Start of Dataset excerpts

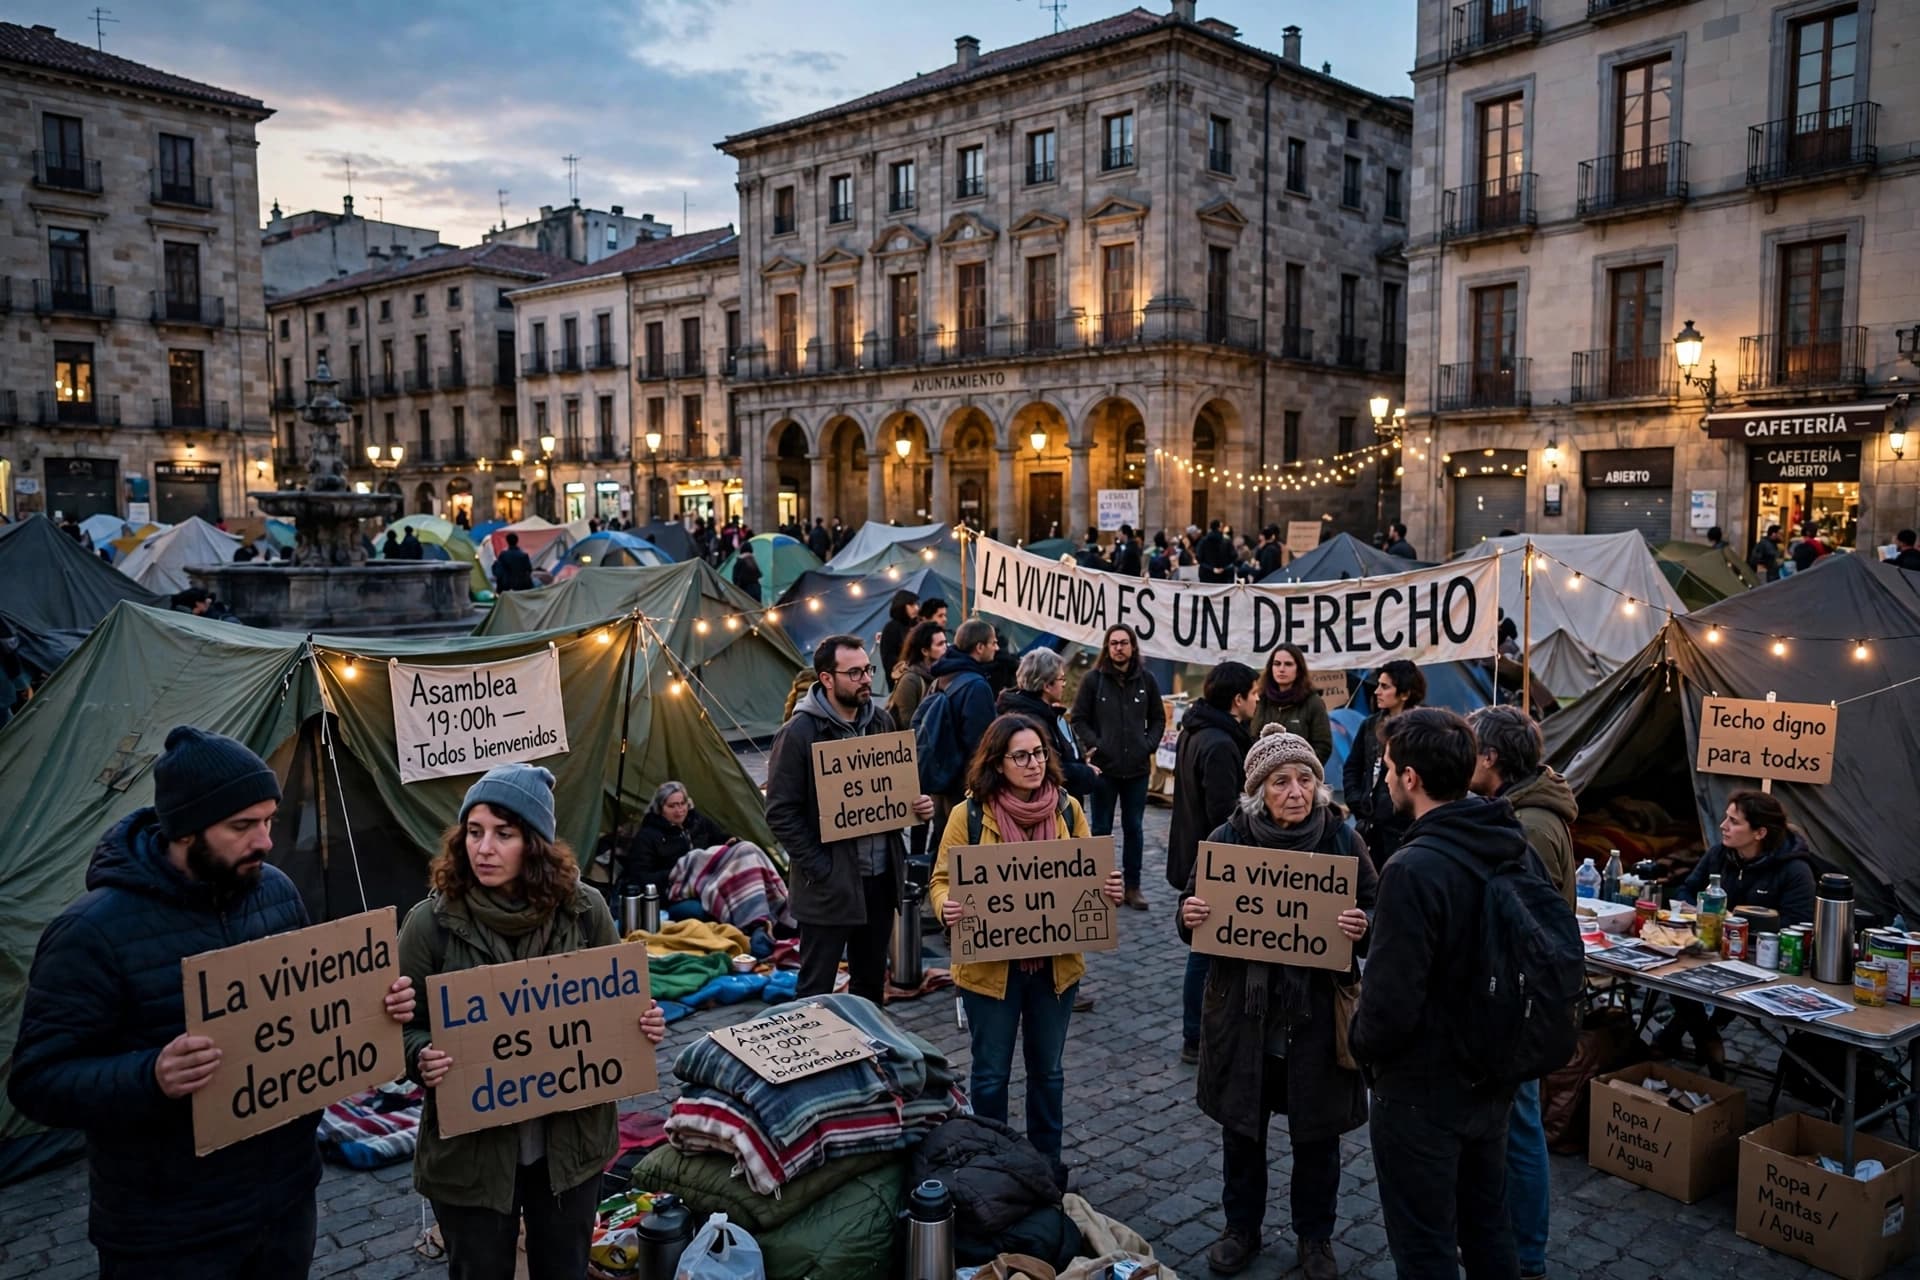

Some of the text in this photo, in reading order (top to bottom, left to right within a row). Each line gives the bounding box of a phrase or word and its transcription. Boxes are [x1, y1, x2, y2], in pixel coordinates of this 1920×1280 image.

[912, 372, 1005, 392] AYUNTAMIENTO
[1744, 413, 1847, 437] CAFETERÍA
[1767, 446, 1842, 464] CAFETERÍA
[1779, 464, 1828, 477] ABIERTO
[1605, 470, 1650, 483] ABIERTO
[982, 551, 1477, 653] LA VIVIENDA ES UN DERECHO
[410, 671, 517, 707] Asamblea
[426, 705, 497, 736] 19:00h
[1710, 705, 1826, 740] Techo digno
[413, 724, 558, 769] Todos bienvenidos
[819, 740, 913, 776] La vivienda
[1707, 747, 1820, 771] para todxs
[843, 775, 893, 798] es un
[834, 795, 907, 829] derecho
[956, 848, 1096, 886] La vivienda
[1205, 851, 1349, 896] La vivienda
[987, 890, 1055, 913] es un
[1235, 894, 1308, 920] es un
[973, 914, 1072, 949] derecho
[1216, 915, 1327, 955] derecho
[198, 927, 391, 1022] La vivienda
[440, 957, 640, 1029] La vivienda
[254, 998, 351, 1053] es un
[492, 1019, 592, 1060] es un
[765, 1048, 820, 1066] Todos
[771, 1047, 861, 1078] bienvenidos
[231, 1035, 377, 1119] derecho
[471, 1050, 622, 1113] derecho
[1612, 1102, 1648, 1130] Ropa
[1606, 1121, 1659, 1154] Mantas
[1616, 1147, 1654, 1173] Agua
[1767, 1163, 1810, 1197] Ropa
[1758, 1185, 1822, 1225] Mantas
[1769, 1214, 1816, 1246] Agua

End of Dataset excerpts

### Exercise objective
The listing above must be printed again exactly, minus its pictures.

### Task answer
Some of the text in this photo, in reading order (top to bottom, left to right within a row). Each line gives the bounding box of a phrase or word and its transcription. Boxes are [x1, y1, x2, y2], in pixel coordinates of this 1920×1280 image.

[912, 372, 1005, 392] AYUNTAMIENTO
[1744, 413, 1847, 437] CAFETERÍA
[1767, 446, 1842, 464] CAFETERÍA
[1779, 464, 1828, 477] ABIERTO
[1605, 470, 1650, 483] ABIERTO
[982, 551, 1477, 653] LA VIVIENDA ES UN DERECHO
[410, 671, 517, 707] Asamblea
[426, 705, 497, 736] 19:00h
[1710, 705, 1826, 740] Techo digno
[413, 724, 558, 769] Todos bienvenidos
[819, 740, 913, 776] La vivienda
[1707, 747, 1820, 771] para todxs
[843, 775, 893, 798] es un
[834, 795, 907, 829] derecho
[956, 848, 1096, 886] La vivienda
[1205, 851, 1349, 896] La vivienda
[987, 890, 1055, 913] es un
[1235, 894, 1308, 920] es un
[973, 914, 1072, 949] derecho
[1216, 915, 1327, 955] derecho
[198, 927, 391, 1022] La vivienda
[440, 957, 640, 1029] La vivienda
[254, 998, 351, 1053] es un
[492, 1019, 592, 1060] es un
[765, 1048, 820, 1066] Todos
[771, 1047, 861, 1078] bienvenidos
[231, 1035, 377, 1119] derecho
[471, 1050, 622, 1113] derecho
[1612, 1102, 1648, 1130] Ropa
[1606, 1121, 1659, 1154] Mantas
[1616, 1147, 1654, 1173] Agua
[1767, 1163, 1810, 1197] Ropa
[1758, 1185, 1822, 1225] Mantas
[1769, 1214, 1816, 1246] Agua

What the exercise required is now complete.